Mexico, 6 août 2008 - Accroître la pression sur les consommateurs de drogues en les harcelant ou les incarcérant ne fait pas baisser la consommation de ces substances, mais cela aggrave en revanche le risque d’infection au VIH   parmi ce groupe vulnérable, ont averti plusieurs intervenants lors de la XVII Conférence internationale sur le sida  , au Mexique.

A l’exception de l’Afrique, où la transmission du VIH   se fait essentiellement par voie sexuelle, ailleurs dans le monde, « près d’un tiers des cas d’infections au VIH   est dû au partage de seringues usagées », a dit Daniel Wolfe, en charge du programme de réduction de la vulnérabilité à l’Open society initiative, lors d’une session consacrée aux questions de drogue, détention et VIH  , le 5 août.

En Russie, 83 pour cent des cas d’infection au VIH   ont été enregistrés parmi les consommateurs de drogues injectables (IDU en anglais). En Ukraine, cette proportion est de 62 pour cent et au Vietnam de 52 pour cent, a ajouté M. Wolfe au cours de cette conférence, qui réunit du 3 au 8 août quelque 22 000 délégués du monde entier à Mexico, la capitale mexicaine.

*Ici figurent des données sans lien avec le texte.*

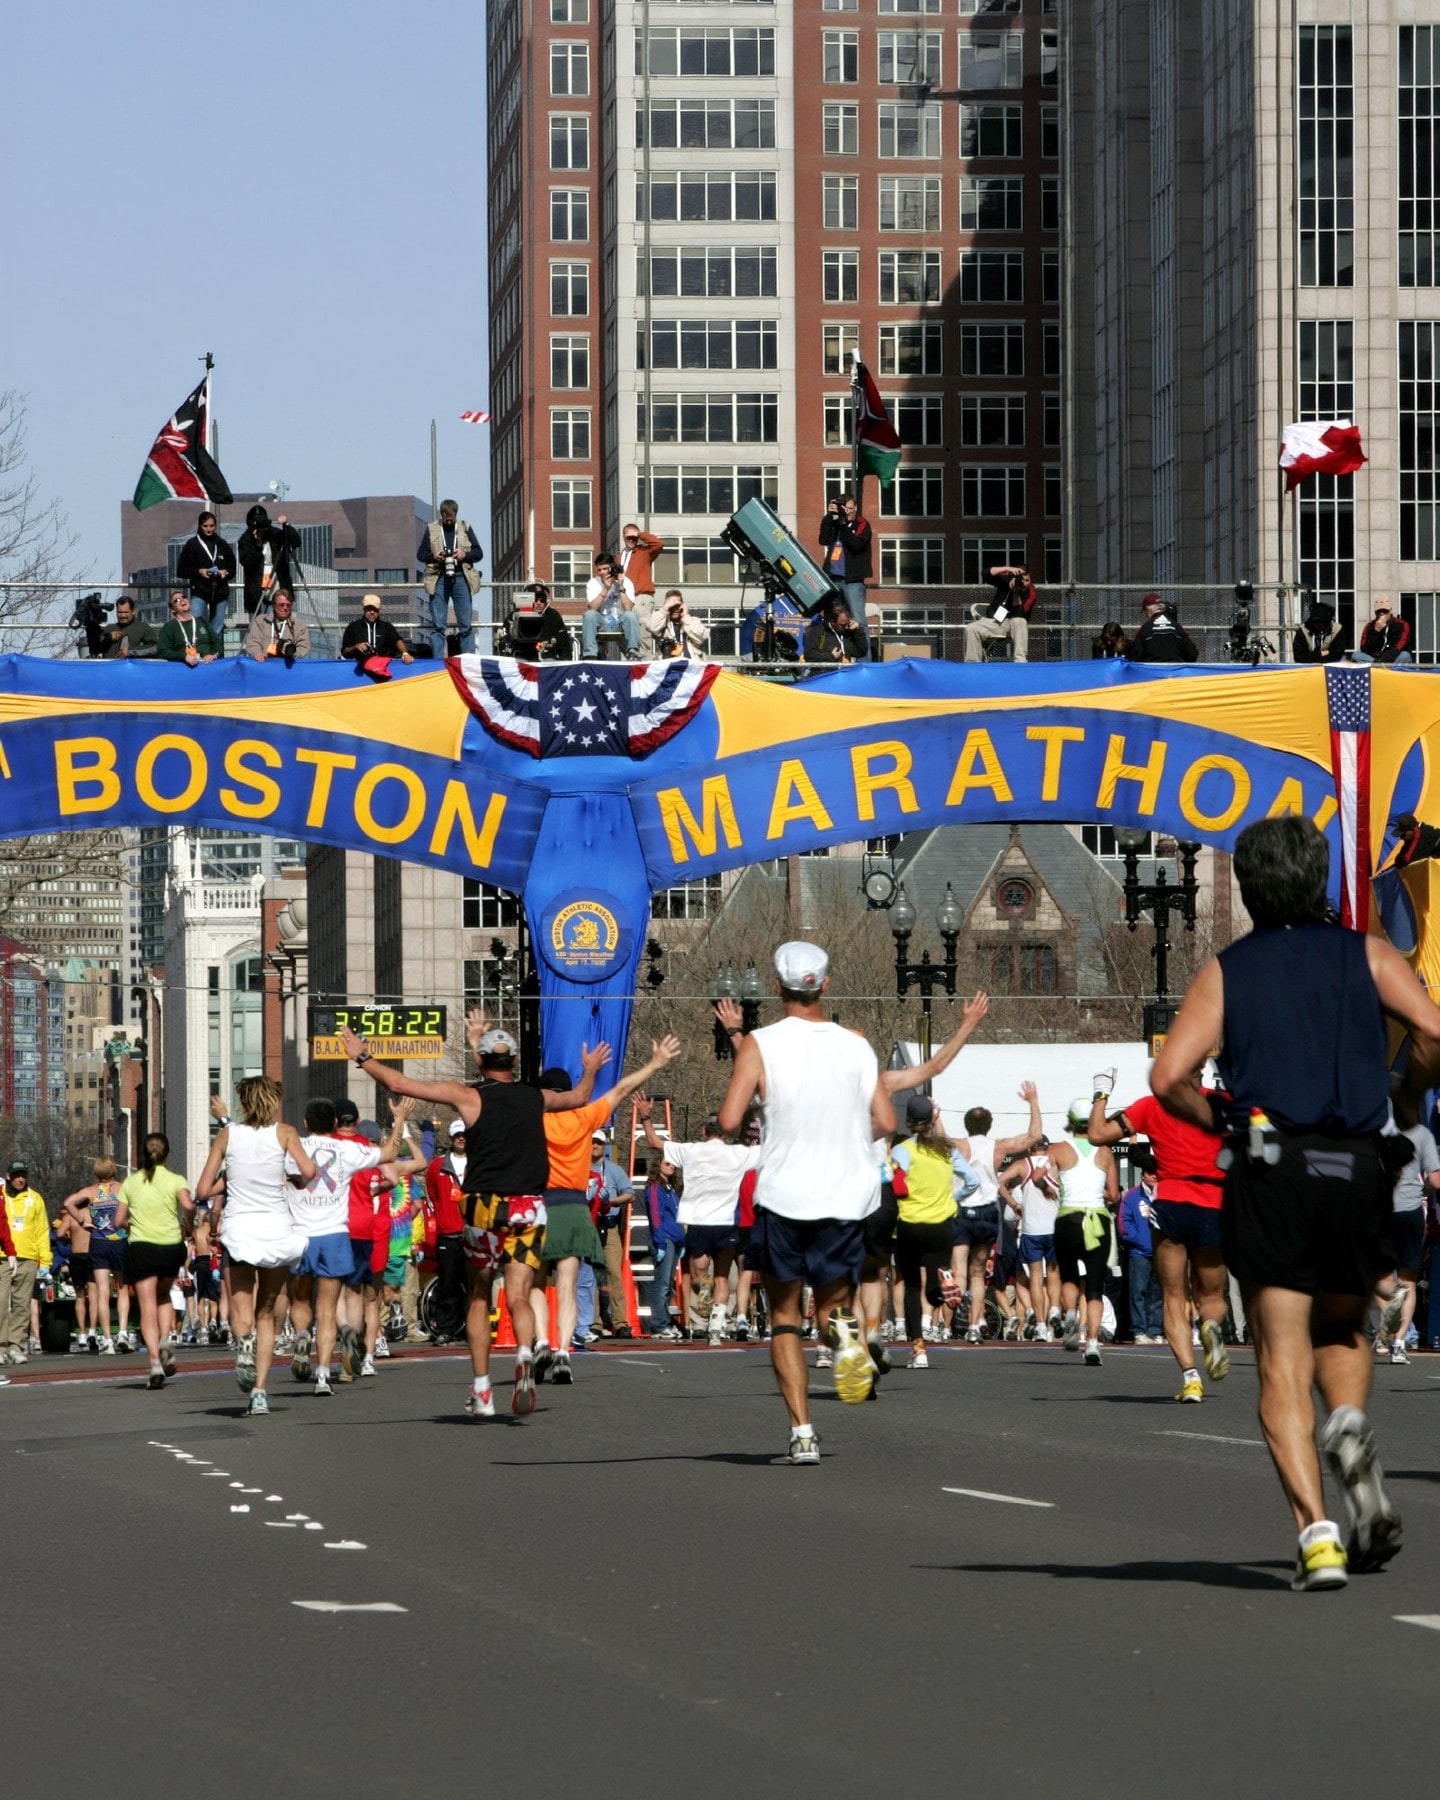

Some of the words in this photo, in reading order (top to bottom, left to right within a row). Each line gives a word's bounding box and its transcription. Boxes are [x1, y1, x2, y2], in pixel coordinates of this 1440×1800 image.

[54, 733, 508, 870] BOSTON
[554, 918, 564, 945] BOSTON
[562, 903, 593, 919] ATHLETIC
[594, 905, 616, 946] ASSOCIATION
[334, 1011, 440, 1035] 3:58:22
[316, 1040, 343, 1055] B.A.A.
[386, 1040, 441, 1054] MARATHON
[300, 1196, 341, 1207] AUTISM

Face au problème de la drogue, la réponse des gouvernements est souvent la répression et l’incarcération, a dit Samuel Friedman, auteur de plusieurs études sur le lien entre consommation de drogue et VIH   , « partant du principe que quand on punit quelqu’un pour son comportement, on réduit ce comportement ».

Or plusieurs études prouvent que les arrestations massives d’IDU ou le harcèlement policier dont ils font l’objet n’ont aucun effet sur la consommation, mais en revanche privent ceux qui en ont besoin de soins et de moyens de prévention du VIH  .

Une étude menée à New-York, aux Etats-Unis, a montré qu’environ 20 pour cent des consommateurs de drogues avaient été arrêtés par la police près d’une pharmacie ou d’un centre d’échange des seringues au cours des six mois précédant l’enquête. Dans plusieurs pays d’Asie, ont noté les intervenants, les IDU sont écartés de la communauté, humiliés, brutalisés, voire éliminés.

Aucun bénéfice à la détention

Ces arrestations sont dommageables à de multiples points de vue : rupture avec la famille, la société, détresse extrême, et parfois, pour ceux qui ont été arrêtés pour consommation de drogues non injectables, le passage à la consommation de drogues injectables.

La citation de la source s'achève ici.